### Work to be completed
Return the entries that follow exactly, with no images.

+-------+

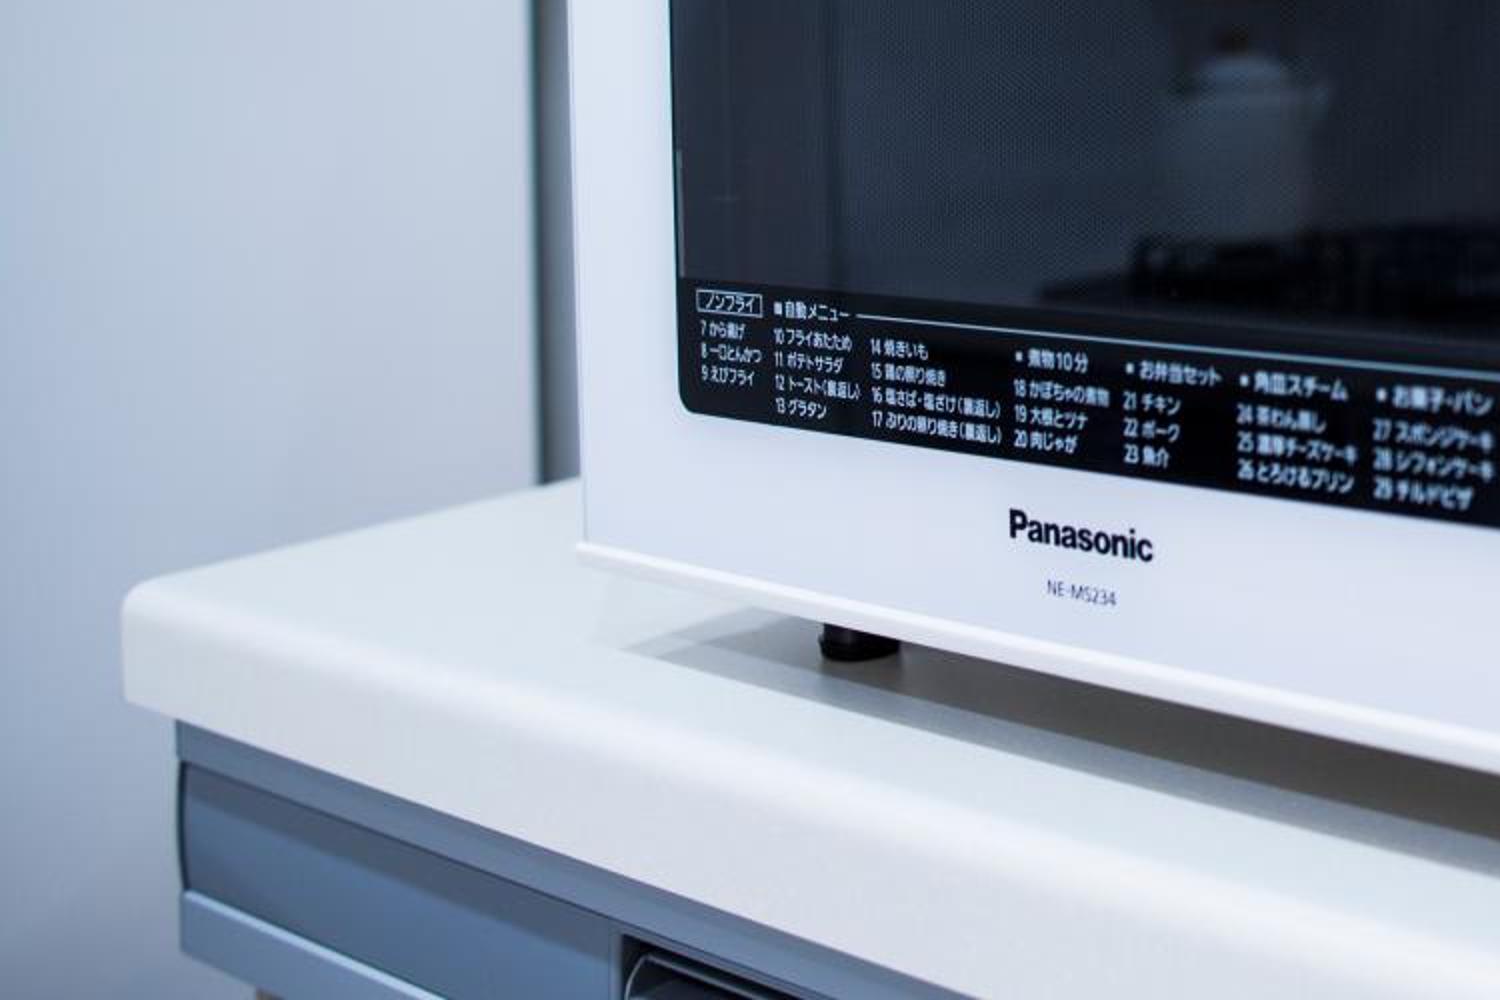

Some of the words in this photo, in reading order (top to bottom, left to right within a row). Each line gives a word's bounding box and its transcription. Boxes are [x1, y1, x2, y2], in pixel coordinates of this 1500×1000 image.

[705, 291, 755, 314] ノンフライ
[785, 301, 850, 322] 自動メニュー
[701, 320, 706, 336] 7
[709, 321, 746, 341] から揚げ
[774, 328, 784, 345] 10
[787, 329, 853, 352] フライあたため
[701, 343, 708, 359] 8
[710, 344, 762, 364] 一口とんかつ
[870, 338, 881, 356] 14
[884, 339, 929, 361] 焼きいも
[774, 352, 783, 367] 11
[787, 354, 844, 374] ポテトサラダ
[871, 362, 882, 380] 15
[1139, 360, 1221, 387] お弁当セット
[701, 366, 708, 382] 9
[711, 366, 755, 387] えびフライ
[775, 375, 785, 391] 12
[872, 386, 882, 404] 16
[1013, 379, 1027, 398] 18
[1029, 380, 1110, 408] かぼちゃの煮物
[1123, 391, 1137, 411] 21
[1141, 393, 1181, 415] チキン
[776, 398, 785, 414] 13
[788, 399, 827, 420] グラタン
[872, 410, 882, 428] 17
[1014, 404, 1027, 423] 19
[1029, 407, 1089, 430] 大根とツナ
[1014, 429, 1028, 449] 20
[1029, 432, 1078, 455] 肉じゃが
[1123, 418, 1138, 438] 22
[1141, 420, 1180, 443] ポーク
[1395, 420, 1493, 452] スポンジケーキ
[1124, 443, 1139, 464] 23
[1257, 461, 1355, 494] とろけるプリン
[1009, 508, 1153, 563] Panasonic
[1047, 579, 1117, 606] NE-MS234

+-------+

### Solution to the problem
Some of the words in this photo, in reading order (top to bottom, left to right within a row). Each line gives a word's bounding box and its transcription. Boxes are [x1, y1, x2, y2], in pixel coordinates of this 1500×1000 image.

[705, 291, 755, 314] ノンフライ
[785, 301, 850, 322] 自動メニュー
[701, 320, 706, 336] 7
[709, 321, 746, 341] から揚げ
[774, 328, 784, 345] 10
[787, 329, 853, 352] フライあたため
[701, 343, 708, 359] 8
[710, 344, 762, 364] 一口とんかつ
[870, 338, 881, 356] 14
[884, 339, 929, 361] 焼きいも
[774, 352, 783, 367] 11
[787, 354, 844, 374] ポテトサラダ
[871, 362, 882, 380] 15
[1139, 360, 1221, 387] お弁当セット
[701, 366, 708, 382] 9
[711, 366, 755, 387] えびフライ
[775, 375, 785, 391] 12
[872, 386, 882, 404] 16
[1013, 379, 1027, 398] 18
[1029, 380, 1110, 408] かぼちゃの煮物
[1123, 391, 1137, 411] 21
[1141, 393, 1181, 415] チキン
[776, 398, 785, 414] 13
[788, 399, 827, 420] グラタン
[872, 410, 882, 428] 17
[1014, 404, 1027, 423] 19
[1029, 407, 1089, 430] 大根とツナ
[1014, 429, 1028, 449] 20
[1029, 432, 1078, 455] 肉じゃが
[1123, 418, 1138, 438] 22
[1141, 420, 1180, 443] ポーク
[1395, 420, 1493, 452] スポンジケーキ
[1124, 443, 1139, 464] 23
[1257, 461, 1355, 494] とろけるプリン
[1009, 508, 1153, 563] Panasonic
[1047, 579, 1117, 606] NE-MS234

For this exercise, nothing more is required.